Input records:
----------------------------------------

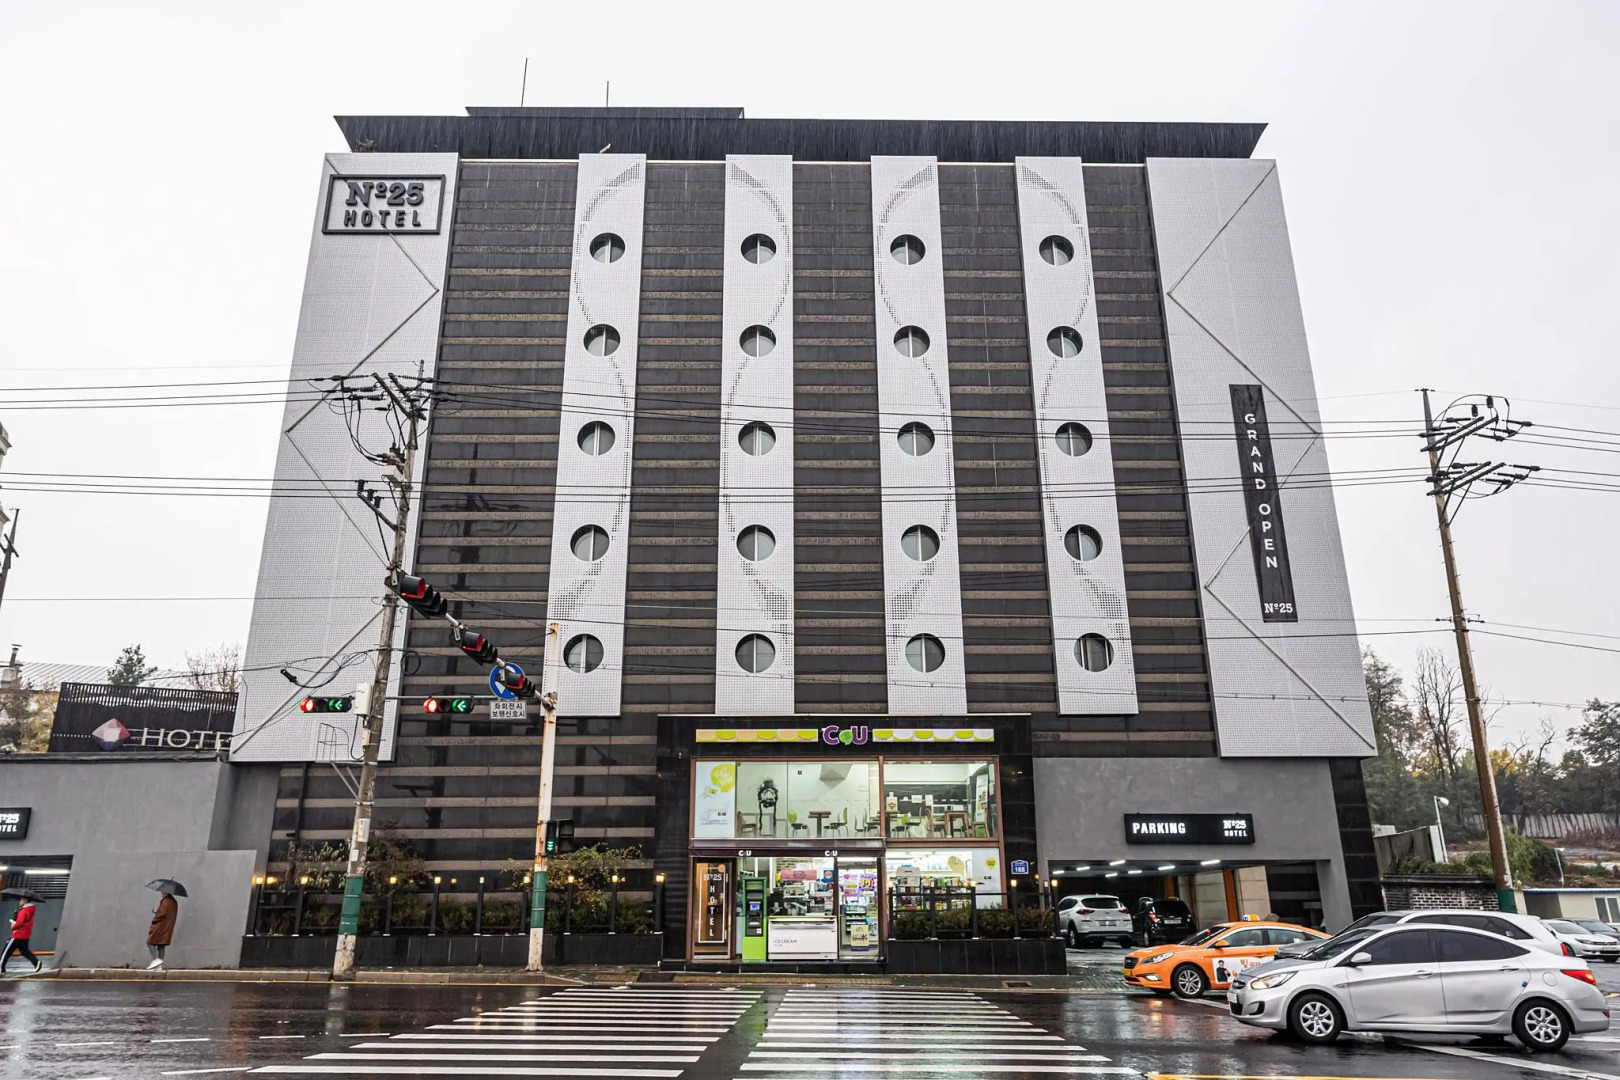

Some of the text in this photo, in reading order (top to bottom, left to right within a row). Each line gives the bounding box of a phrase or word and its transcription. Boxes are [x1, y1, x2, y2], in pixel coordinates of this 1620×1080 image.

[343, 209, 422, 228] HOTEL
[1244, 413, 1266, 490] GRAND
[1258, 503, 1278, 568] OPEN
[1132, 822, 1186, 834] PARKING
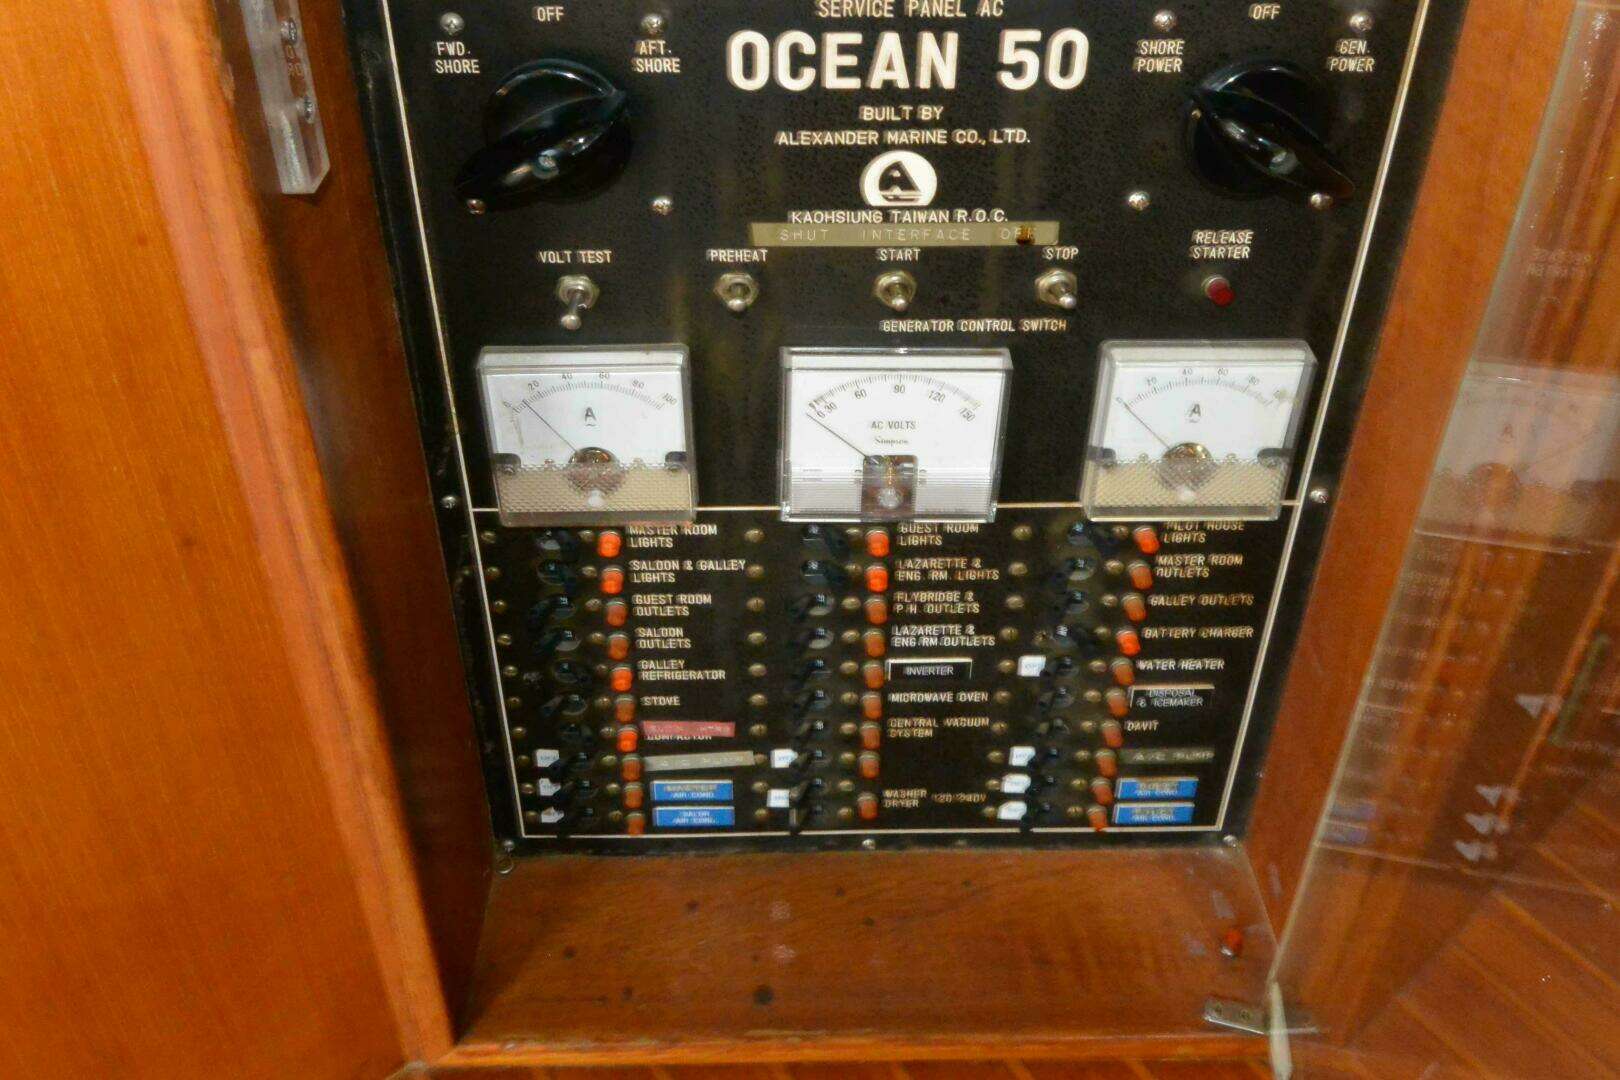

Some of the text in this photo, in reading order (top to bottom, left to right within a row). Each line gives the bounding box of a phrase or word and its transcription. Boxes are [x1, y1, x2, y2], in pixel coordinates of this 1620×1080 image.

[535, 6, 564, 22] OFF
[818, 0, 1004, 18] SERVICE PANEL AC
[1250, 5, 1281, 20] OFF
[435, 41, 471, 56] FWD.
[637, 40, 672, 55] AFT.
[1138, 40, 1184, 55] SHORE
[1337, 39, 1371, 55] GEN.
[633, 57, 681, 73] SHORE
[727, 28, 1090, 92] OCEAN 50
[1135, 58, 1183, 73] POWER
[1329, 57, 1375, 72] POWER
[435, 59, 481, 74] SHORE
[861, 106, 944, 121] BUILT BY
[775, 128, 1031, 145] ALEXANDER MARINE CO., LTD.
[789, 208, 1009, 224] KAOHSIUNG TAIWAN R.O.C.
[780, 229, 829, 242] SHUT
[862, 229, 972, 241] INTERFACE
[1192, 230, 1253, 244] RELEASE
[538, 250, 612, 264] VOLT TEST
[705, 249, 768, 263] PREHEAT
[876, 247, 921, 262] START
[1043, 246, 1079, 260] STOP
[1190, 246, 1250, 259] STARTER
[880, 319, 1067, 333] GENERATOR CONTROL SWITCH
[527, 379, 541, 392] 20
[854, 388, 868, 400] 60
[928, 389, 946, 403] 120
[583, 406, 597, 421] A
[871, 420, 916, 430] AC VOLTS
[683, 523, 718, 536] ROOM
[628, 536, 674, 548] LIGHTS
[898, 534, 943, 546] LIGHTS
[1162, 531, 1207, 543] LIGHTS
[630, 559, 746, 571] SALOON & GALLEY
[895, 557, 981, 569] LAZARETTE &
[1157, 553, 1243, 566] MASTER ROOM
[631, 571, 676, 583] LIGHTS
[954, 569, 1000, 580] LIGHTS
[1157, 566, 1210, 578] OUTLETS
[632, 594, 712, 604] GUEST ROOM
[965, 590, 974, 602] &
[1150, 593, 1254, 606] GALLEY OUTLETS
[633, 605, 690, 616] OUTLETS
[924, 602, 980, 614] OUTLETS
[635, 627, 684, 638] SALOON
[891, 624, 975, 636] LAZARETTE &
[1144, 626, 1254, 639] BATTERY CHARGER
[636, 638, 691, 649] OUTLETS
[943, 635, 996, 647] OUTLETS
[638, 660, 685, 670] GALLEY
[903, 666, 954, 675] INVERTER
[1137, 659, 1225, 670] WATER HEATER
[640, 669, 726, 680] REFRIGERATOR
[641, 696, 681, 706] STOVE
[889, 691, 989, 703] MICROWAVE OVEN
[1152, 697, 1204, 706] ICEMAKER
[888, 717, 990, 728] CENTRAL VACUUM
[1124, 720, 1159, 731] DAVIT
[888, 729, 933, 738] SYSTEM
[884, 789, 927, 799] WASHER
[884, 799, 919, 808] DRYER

----------------------------------------

Problem to work on:
Return each entry exactly as it appears above, but exclude the pictures.

Your solution:
Some of the text in this photo, in reading order (top to bottom, left to right within a row). Each line gives the bounding box of a phrase or word and its transcription. Boxes are [x1, y1, x2, y2], in pixel coordinates of this 1620×1080 image.

[343, 209, 422, 228] HOTEL
[1244, 413, 1266, 490] GRAND
[1258, 503, 1278, 568] OPEN
[1132, 822, 1186, 834] PARKING

Some of the text in this photo, in reading order (top to bottom, left to right within a row). Each line gives the bounding box of a phrase or word and its transcription. Boxes are [x1, y1, x2, y2], in pixel coordinates of this 1620×1080 image.

[535, 6, 564, 22] OFF
[818, 0, 1004, 18] SERVICE PANEL AC
[1250, 5, 1281, 20] OFF
[435, 41, 471, 56] FWD.
[637, 40, 672, 55] AFT.
[1138, 40, 1184, 55] SHORE
[1337, 39, 1371, 55] GEN.
[633, 57, 681, 73] SHORE
[727, 28, 1090, 92] OCEAN 50
[1135, 58, 1183, 73] POWER
[1329, 57, 1375, 72] POWER
[435, 59, 481, 74] SHORE
[861, 106, 944, 121] BUILT BY
[775, 128, 1031, 145] ALEXANDER MARINE CO., LTD.
[789, 208, 1009, 224] KAOHSIUNG TAIWAN R.O.C.
[780, 229, 829, 242] SHUT
[862, 229, 972, 241] INTERFACE
[1192, 230, 1253, 244] RELEASE
[538, 250, 612, 264] VOLT TEST
[705, 249, 768, 263] PREHEAT
[876, 247, 921, 262] START
[1043, 246, 1079, 260] STOP
[1190, 246, 1250, 259] STARTER
[880, 319, 1067, 333] GENERATOR CONTROL SWITCH
[527, 379, 541, 392] 20
[854, 388, 868, 400] 60
[928, 389, 946, 403] 120
[583, 406, 597, 421] A
[871, 420, 916, 430] AC VOLTS
[683, 523, 718, 536] ROOM
[628, 536, 674, 548] LIGHTS
[898, 534, 943, 546] LIGHTS
[1162, 531, 1207, 543] LIGHTS
[630, 559, 746, 571] SALOON & GALLEY
[895, 557, 981, 569] LAZARETTE &
[1157, 553, 1243, 566] MASTER ROOM
[631, 571, 676, 583] LIGHTS
[954, 569, 1000, 580] LIGHTS
[1157, 566, 1210, 578] OUTLETS
[632, 594, 712, 604] GUEST ROOM
[965, 590, 974, 602] &
[1150, 593, 1254, 606] GALLEY OUTLETS
[633, 605, 690, 616] OUTLETS
[924, 602, 980, 614] OUTLETS
[635, 627, 684, 638] SALOON
[891, 624, 975, 636] LAZARETTE &
[1144, 626, 1254, 639] BATTERY CHARGER
[636, 638, 691, 649] OUTLETS
[943, 635, 996, 647] OUTLETS
[638, 660, 685, 670] GALLEY
[903, 666, 954, 675] INVERTER
[1137, 659, 1225, 670] WATER HEATER
[640, 669, 726, 680] REFRIGERATOR
[641, 696, 681, 706] STOVE
[889, 691, 989, 703] MICROWAVE OVEN
[1152, 697, 1204, 706] ICEMAKER
[888, 717, 990, 728] CENTRAL VACUUM
[1124, 720, 1159, 731] DAVIT
[888, 729, 933, 738] SYSTEM
[884, 789, 927, 799] WASHER
[884, 799, 919, 808] DRYER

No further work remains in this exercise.